0

I would like to supply to a network many training images that are sampled from a dataset by following certain sampling rules. Now I have two choices:

  1. Use the sampling logic to generate a list of images offline, then convert the .lst file to .rec file and use an sequential DataIter to access it.

  2. Write my own child class of DataIter that can sample the images online. As a result, the class need to support random access, maybe inheriting from MXIndexedRecordIO. I will need to create a .rec file for the original dataset.

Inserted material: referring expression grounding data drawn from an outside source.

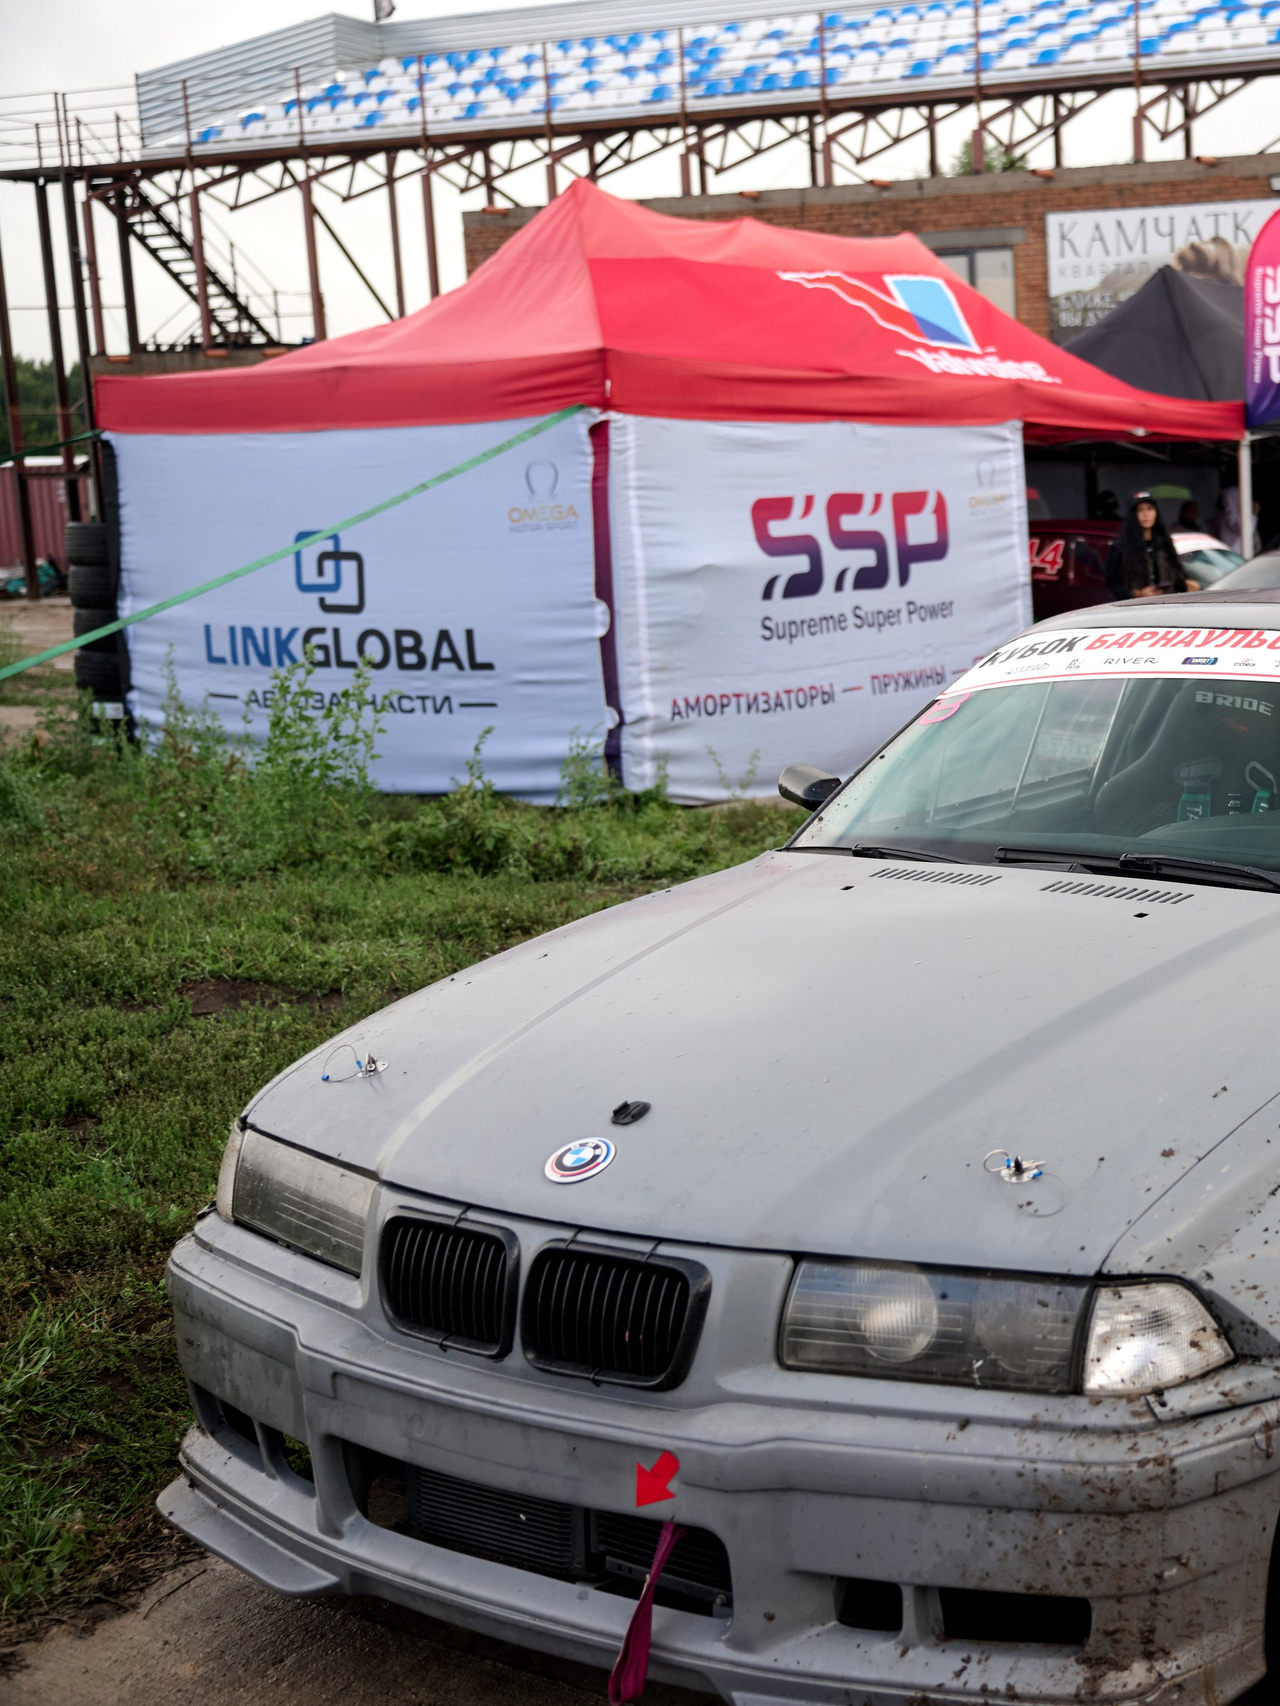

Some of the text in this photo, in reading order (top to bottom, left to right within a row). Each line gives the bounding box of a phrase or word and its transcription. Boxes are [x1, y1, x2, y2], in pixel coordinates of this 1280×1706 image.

[1058, 211, 1254, 258] КАМЧАТК
[507, 504, 580, 523] OMEGA
[750, 490, 949, 600] SSP
[761, 600, 955, 643] Supreme Super Power
[203, 624, 496, 671] LINKGLOBAL
[978, 635, 1090, 668] КУБОК
[1103, 656, 1159, 666] RIVER
[671, 666, 947, 721] АМОРТИЗАТОРЫ ПРУЖИНЫ
[1195, 691, 1275, 716] BRIDE
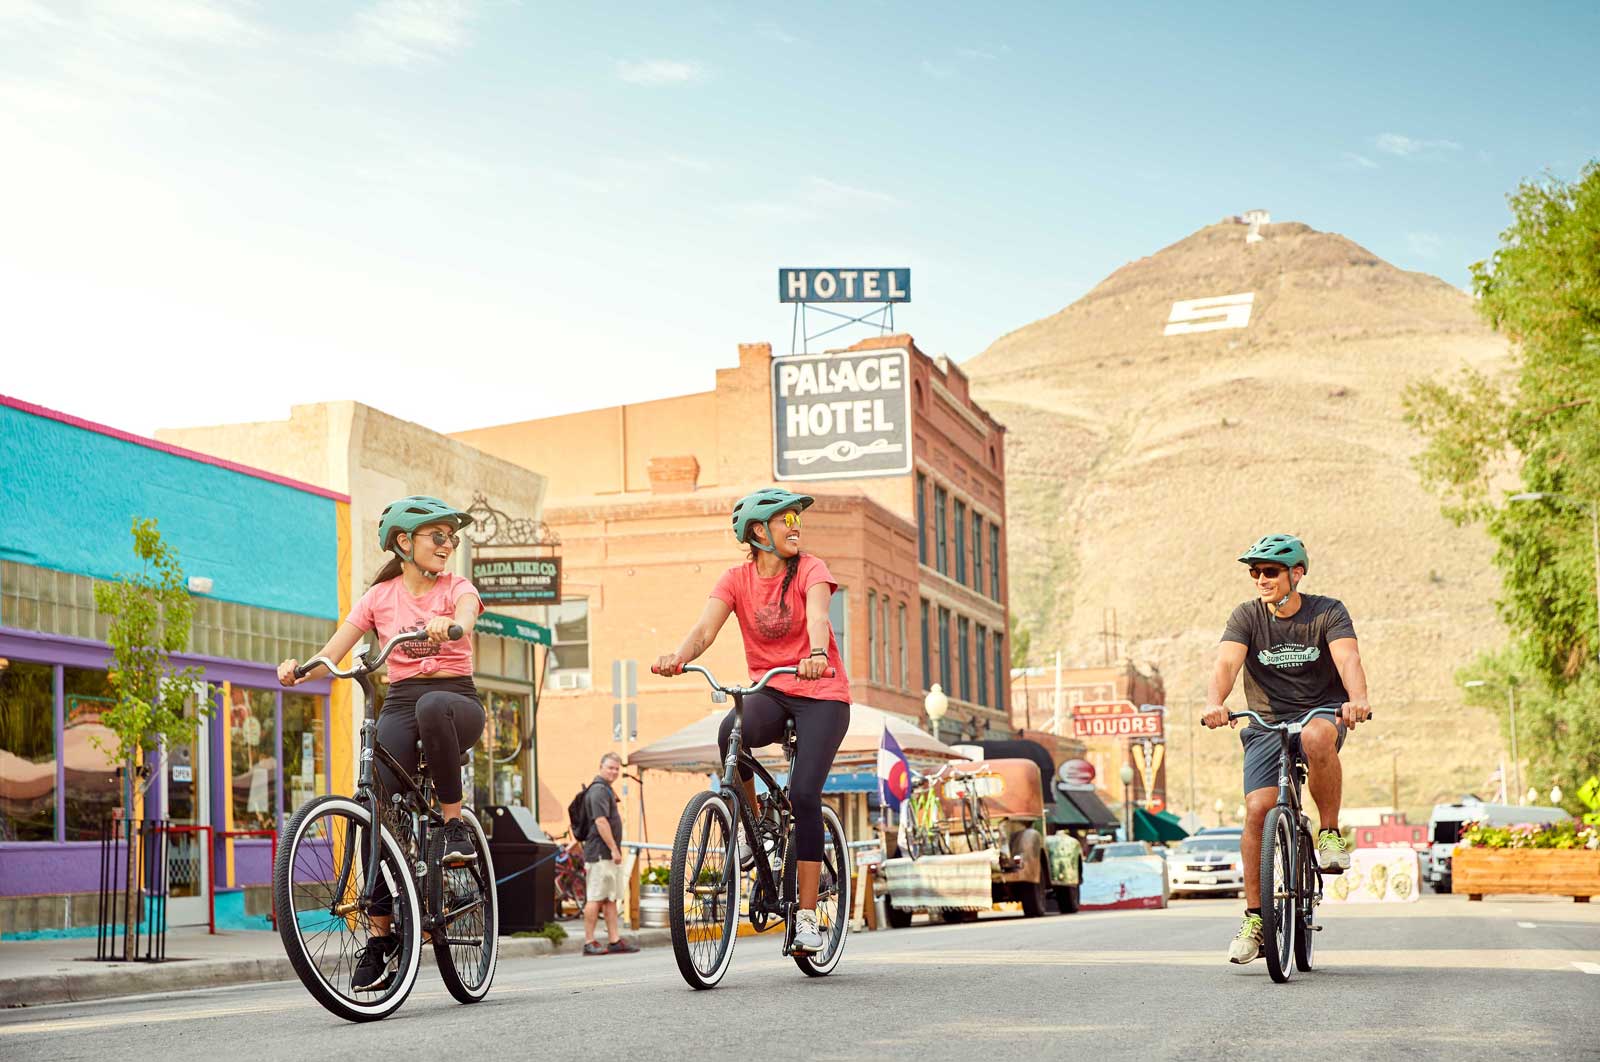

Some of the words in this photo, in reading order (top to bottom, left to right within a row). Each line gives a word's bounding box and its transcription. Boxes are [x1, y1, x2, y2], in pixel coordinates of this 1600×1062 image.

My intuition tells me that sequential access will be faster than random access for a .rec file. But I don't know if the difference is big enough to worth the additional time I spend in writing and testing my own iterator class. Could anyone give me a hint on this?

J.Doe
  • 3
  • 1
  • You probably want to shuffle the input to avoid repeating the same data, if you are using a random access iterator. If you do that you will have back a sequential access, which gives you options for optimization. – Guy Jul 15 '17 at 23:23

2 Answers2

0

Since this is a question about performance, I guess it depends on how fast your network can process images which in turn depends on what hardware you are running your training on.

0

In your case you are better off prepacking images using MXRecordIO. It will give you a boost of performance and also introduce consistency in how you handle the dataset.

It will store the files in a .rec file as a list, where order matters

You can then use mxnet.image.ImageIter to iterate over .rec in order.

http://mxnet.io/api/python/io.html#mxnet.image.ImageIter

Stanley Kirdey
  • 602
  • 5
  • 20